Just read your blog post on your new help guide–I like the way you tackled that! Did you build that custom or use a product to provide contextual help?
The Problem
Our previous iterations focussed on a very particular and direct path towards what we considered to be an onboarded user within our own product. We established after which actions our users were most likely to become paying customers by looking at the statistics. We tried to then work out the shortest path to that point to create an onboarding experience that would get them to that ‘aha’ moment in one run. We tried two different approaches to this. Both with varying levels of success. It was clear that users were taking more actions within the product, but we weren’t seeing an increase in conversions to paying customers – or certainly nothing we could confidently attribute to our new onboarding experience. If anything, it was actually muddying the stats with regards to actions taken within the product because it was unclear how motivated these actions were, and whether users were seeing real value at the end of it.
We decided to take a step back and to scrap our previous concept of what we considered an onboarded user. We weren’t disregarding those main actions as a primary driver of adoption, but it was clear that the decision to convert didn’t come as easily as completing three steps and handing over the credit card details. The reasons that may cause one user to convert to a paying customer may not be the same for the next user. While their goals will be similar, there are different aspects of our product that can serve to help our users achieve them and the clinching moment for each user can be quite different.
We wanted to create a first run experience that better showcased our product and the things it can do, rather than getting our users to fulfil a specific number of actions. We also wanted to find a method that didn’t hinder the overall user experience by forcing the users down paths they may not want to go initially. We wanted to design a less intrusive onboarding experience, but one that still ensured our users didn’t get lost or give up before seeing the value of our product and came away having a very good sense of how Visible could help them achieve their goals.
Our users were converting once they’d had a chance to explore Visible, to see it’s wealth of features, it’s simplicity and ease of use and most often, for how quickly they could create data rich, beautiful updates. We were confident we could remove our previous onboarding walkthrough and we could leave users in our product with no help and almost all will figure out the main actions within our product. However, what they might not see in a first run experience is the wealth of other rich features in our product that are deliberately a little less obvious initially. The nature of our product means we have a lot of features, some complex, some simple. We wanted a way to showcase these features and offer direction for future actions, but not insist right off the bat.
The Solution
What we came up with was the Visible Help Guide. The idea was that it would be contextual and show the right information at the right time. It would be unobtrusive and only offer help when help was asked for and get out of the way when it was not needed. It would be adaptive and help each user progress in the direction they wanted to take and not through a set of predefined steps that we had decided for them.

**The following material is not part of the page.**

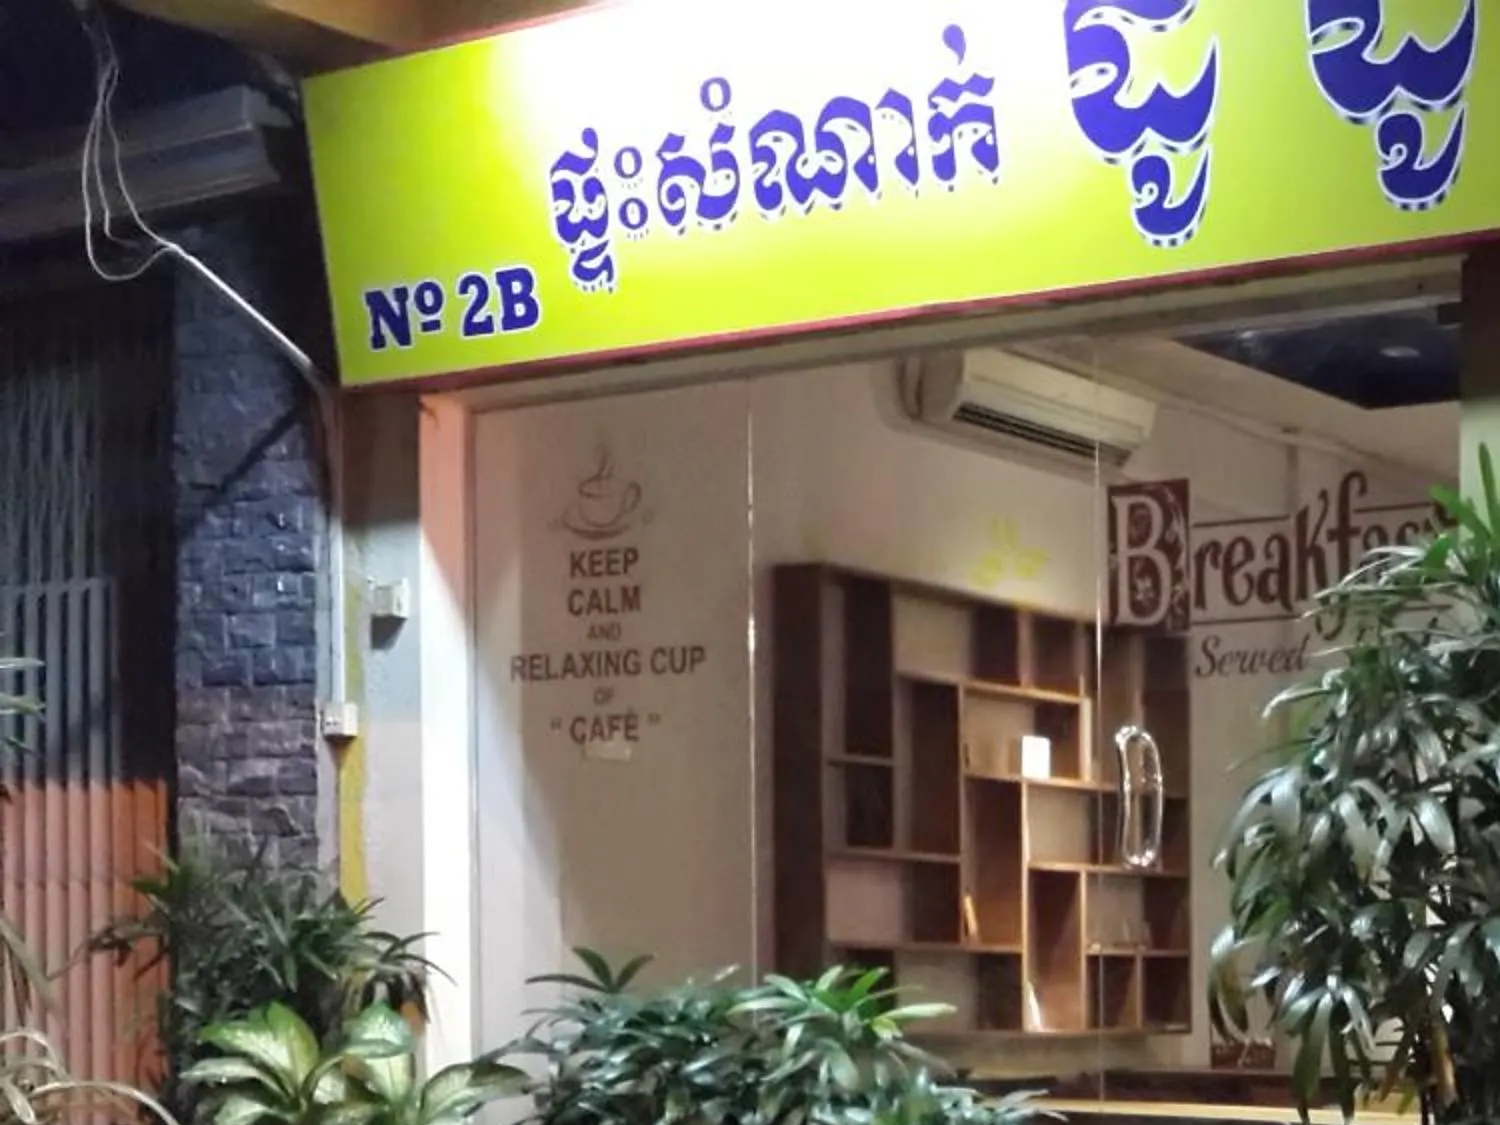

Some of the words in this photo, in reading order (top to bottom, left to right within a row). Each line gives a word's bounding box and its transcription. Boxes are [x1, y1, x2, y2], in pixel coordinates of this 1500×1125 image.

In order for it to be contextual we ensured it was wired up to the relevant sections of our product so that when it was opened, it would first show help content relevant to that specific area of the product. If it was requested at first (we ask them how they’d like to explore Visible at the beginning), it would pop out when a user first visited an area of the product with relevant help and suggestions for that section. It would then also offer a quick overview of everything they could do from within that section and as a result gave an insight into the wealth of features available in Visible without overwhelming or insisting they complete them in a first run.
The result is a clever resource that will grow with our product and acts as a reference for everything that can be done within Visible. It offers guidance to new users to get started and prompts for next actions without insisting, and it also acts as a useful reference for more experienced users to ensure they’re getting the most out of Visible and to uncover some features that they may not have been using previously.
The response has been extremely positive. We’ve seen a 30% increase in Product Qualified leads coming through since we implemented our new guide! (Learn more about PQL’s here). We’re seeing more actions being taken within the product than our previous onboarding experiences and our users are taking these actions themselves. It’s also helped to reduce the number of requests coming into our customer support team for queries on how to perform specific actions as our users can now get help from within the app and also have an easier way to find our knowledge base in Intercom. We’re sure there will be future iterations on what we currently have but the results so far have been very positive and we finally have something to build on.